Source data
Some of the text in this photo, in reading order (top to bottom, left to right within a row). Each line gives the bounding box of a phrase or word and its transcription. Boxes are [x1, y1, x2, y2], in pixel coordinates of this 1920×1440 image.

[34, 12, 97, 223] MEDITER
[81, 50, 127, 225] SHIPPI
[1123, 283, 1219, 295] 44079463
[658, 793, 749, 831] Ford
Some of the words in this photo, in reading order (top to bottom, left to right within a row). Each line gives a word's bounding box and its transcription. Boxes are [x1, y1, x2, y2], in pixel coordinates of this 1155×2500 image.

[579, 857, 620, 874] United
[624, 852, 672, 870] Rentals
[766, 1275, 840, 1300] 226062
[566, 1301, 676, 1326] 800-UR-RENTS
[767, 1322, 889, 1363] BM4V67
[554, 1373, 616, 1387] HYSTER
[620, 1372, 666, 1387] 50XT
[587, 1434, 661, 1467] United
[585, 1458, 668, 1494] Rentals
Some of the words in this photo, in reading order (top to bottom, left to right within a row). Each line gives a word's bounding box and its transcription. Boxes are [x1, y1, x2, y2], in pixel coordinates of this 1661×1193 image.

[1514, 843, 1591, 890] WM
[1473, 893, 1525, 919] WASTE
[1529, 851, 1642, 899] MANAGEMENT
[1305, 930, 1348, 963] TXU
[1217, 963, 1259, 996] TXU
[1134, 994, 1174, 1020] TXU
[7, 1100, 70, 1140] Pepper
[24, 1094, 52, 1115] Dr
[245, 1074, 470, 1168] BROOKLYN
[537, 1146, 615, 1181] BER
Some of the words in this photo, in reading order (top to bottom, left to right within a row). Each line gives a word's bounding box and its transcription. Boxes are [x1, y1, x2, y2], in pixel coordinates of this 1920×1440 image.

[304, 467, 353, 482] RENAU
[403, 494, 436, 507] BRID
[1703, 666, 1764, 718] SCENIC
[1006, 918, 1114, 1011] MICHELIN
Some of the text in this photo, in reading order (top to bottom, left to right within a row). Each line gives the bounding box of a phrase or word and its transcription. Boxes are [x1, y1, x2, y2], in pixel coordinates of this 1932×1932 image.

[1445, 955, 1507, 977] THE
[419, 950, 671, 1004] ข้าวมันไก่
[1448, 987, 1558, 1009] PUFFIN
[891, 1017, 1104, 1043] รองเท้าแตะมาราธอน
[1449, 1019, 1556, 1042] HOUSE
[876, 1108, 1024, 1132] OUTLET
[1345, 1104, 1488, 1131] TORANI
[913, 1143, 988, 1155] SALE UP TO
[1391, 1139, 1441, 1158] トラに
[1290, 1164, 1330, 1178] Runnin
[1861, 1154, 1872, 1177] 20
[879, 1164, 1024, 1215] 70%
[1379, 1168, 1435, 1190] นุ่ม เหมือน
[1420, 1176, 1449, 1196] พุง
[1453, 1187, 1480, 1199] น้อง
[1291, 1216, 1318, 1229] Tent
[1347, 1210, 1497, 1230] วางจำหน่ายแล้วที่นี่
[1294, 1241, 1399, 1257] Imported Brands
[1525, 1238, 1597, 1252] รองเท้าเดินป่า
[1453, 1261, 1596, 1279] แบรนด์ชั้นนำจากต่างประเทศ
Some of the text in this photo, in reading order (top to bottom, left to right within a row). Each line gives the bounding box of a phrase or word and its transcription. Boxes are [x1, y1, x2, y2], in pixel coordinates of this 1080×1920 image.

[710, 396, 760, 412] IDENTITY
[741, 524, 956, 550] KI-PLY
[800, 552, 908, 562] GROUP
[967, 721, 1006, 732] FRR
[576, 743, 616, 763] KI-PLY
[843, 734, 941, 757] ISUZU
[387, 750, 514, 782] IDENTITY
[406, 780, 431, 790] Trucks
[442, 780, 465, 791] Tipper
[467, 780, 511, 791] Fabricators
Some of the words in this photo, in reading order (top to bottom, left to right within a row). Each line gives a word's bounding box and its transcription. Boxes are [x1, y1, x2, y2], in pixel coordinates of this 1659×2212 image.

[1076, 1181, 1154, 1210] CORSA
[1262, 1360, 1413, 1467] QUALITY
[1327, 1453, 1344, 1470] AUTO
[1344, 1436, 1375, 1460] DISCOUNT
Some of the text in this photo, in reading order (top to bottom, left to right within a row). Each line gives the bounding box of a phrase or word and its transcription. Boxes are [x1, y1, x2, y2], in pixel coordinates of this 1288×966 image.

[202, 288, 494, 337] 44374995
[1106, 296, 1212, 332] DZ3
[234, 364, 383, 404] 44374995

[EXERCISE GOAL]
The response should consist of every record, written out exactly as given.

[FINISHED EXERCISE]
Some of the text in this photo, in reading order (top to bottom, left to right within a row). Each line gives the bounding box of a phrase or word and its transcription. Boxes are [x1, y1, x2, y2], in pixel coordinates of this 1920×1440 image.

[34, 12, 97, 223] MEDITER
[81, 50, 127, 225] SHIPPI
[1123, 283, 1219, 295] 44079463
[658, 793, 749, 831] Ford
Some of the words in this photo, in reading order (top to bottom, left to right within a row). Each line gives a word's bounding box and its transcription. Boxes are [x1, y1, x2, y2], in pixel coordinates of this 1155×2500 image.

[579, 857, 620, 874] United
[624, 852, 672, 870] Rentals
[766, 1275, 840, 1300] 226062
[566, 1301, 676, 1326] 800-UR-RENTS
[767, 1322, 889, 1363] BM4V67
[554, 1373, 616, 1387] HYSTER
[620, 1372, 666, 1387] 50XT
[587, 1434, 661, 1467] United
[585, 1458, 668, 1494] Rentals
Some of the words in this photo, in reading order (top to bottom, left to right within a row). Each line gives a word's bounding box and its transcription. Boxes are [x1, y1, x2, y2], in pixel coordinates of this 1661×1193 image.

[1514, 843, 1591, 890] WM
[1473, 893, 1525, 919] WASTE
[1529, 851, 1642, 899] MANAGEMENT
[1305, 930, 1348, 963] TXU
[1217, 963, 1259, 996] TXU
[1134, 994, 1174, 1020] TXU
[7, 1100, 70, 1140] Pepper
[24, 1094, 52, 1115] Dr
[245, 1074, 470, 1168] BROOKLYN
[537, 1146, 615, 1181] BER
Some of the words in this photo, in reading order (top to bottom, left to right within a row). Each line gives a word's bounding box and its transcription. Boxes are [x1, y1, x2, y2], in pixel coordinates of this 1920×1440 image.

[304, 467, 353, 482] RENAU
[403, 494, 436, 507] BRID
[1703, 666, 1764, 718] SCENIC
[1006, 918, 1114, 1011] MICHELIN
Some of the text in this photo, in reading order (top to bottom, left to right within a row). Each line gives the bounding box of a phrase or word and its transcription. Boxes are [x1, y1, x2, y2], in pixel coordinates of this 1932×1932 image.

[1445, 955, 1507, 977] THE
[419, 950, 671, 1004] ข้าวมันไก่
[1448, 987, 1558, 1009] PUFFIN
[891, 1017, 1104, 1043] รองเท้าแตะมาราธอน
[1449, 1019, 1556, 1042] HOUSE
[876, 1108, 1024, 1132] OUTLET
[1345, 1104, 1488, 1131] TORANI
[913, 1143, 988, 1155] SALE UP TO
[1391, 1139, 1441, 1158] トラに
[1290, 1164, 1330, 1178] Runnin
[1861, 1154, 1872, 1177] 20
[879, 1164, 1024, 1215] 70%
[1379, 1168, 1435, 1190] นุ่ม เหมือน
[1420, 1176, 1449, 1196] พุง
[1453, 1187, 1480, 1199] น้อง
[1291, 1216, 1318, 1229] Tent
[1347, 1210, 1497, 1230] วางจำหน่ายแล้วที่นี่
[1294, 1241, 1399, 1257] Imported Brands
[1525, 1238, 1597, 1252] รองเท้าเดินป่า
[1453, 1261, 1596, 1279] แบรนด์ชั้นนำจากต่างประเทศ
Some of the text in this photo, in reading order (top to bottom, left to right within a row). Each line gives the bounding box of a phrase or word and its transcription. Boxes are [x1, y1, x2, y2], in pixel coordinates of this 1080×1920 image.

[710, 396, 760, 412] IDENTITY
[741, 524, 956, 550] KI-PLY
[800, 552, 908, 562] GROUP
[967, 721, 1006, 732] FRR
[576, 743, 616, 763] KI-PLY
[843, 734, 941, 757] ISUZU
[387, 750, 514, 782] IDENTITY
[406, 780, 431, 790] Trucks
[442, 780, 465, 791] Tipper
[467, 780, 511, 791] Fabricators
Some of the words in this photo, in reading order (top to bottom, left to right within a row). Each line gives a word's bounding box and its transcription. Boxes are [x1, y1, x2, y2], in pixel coordinates of this 1659×2212 image.

[1076, 1181, 1154, 1210] CORSA
[1262, 1360, 1413, 1467] QUALITY
[1327, 1453, 1344, 1470] AUTO
[1344, 1436, 1375, 1460] DISCOUNT
Some of the text in this photo, in reading order (top to bottom, left to right within a row). Each line gives the bounding box of a phrase or word and its transcription. Boxes are [x1, y1, x2, y2], in pixel coordinates of this 1288×966 image.

[202, 288, 494, 337] 44374995
[1106, 296, 1212, 332] DZ3
[234, 364, 383, 404] 44374995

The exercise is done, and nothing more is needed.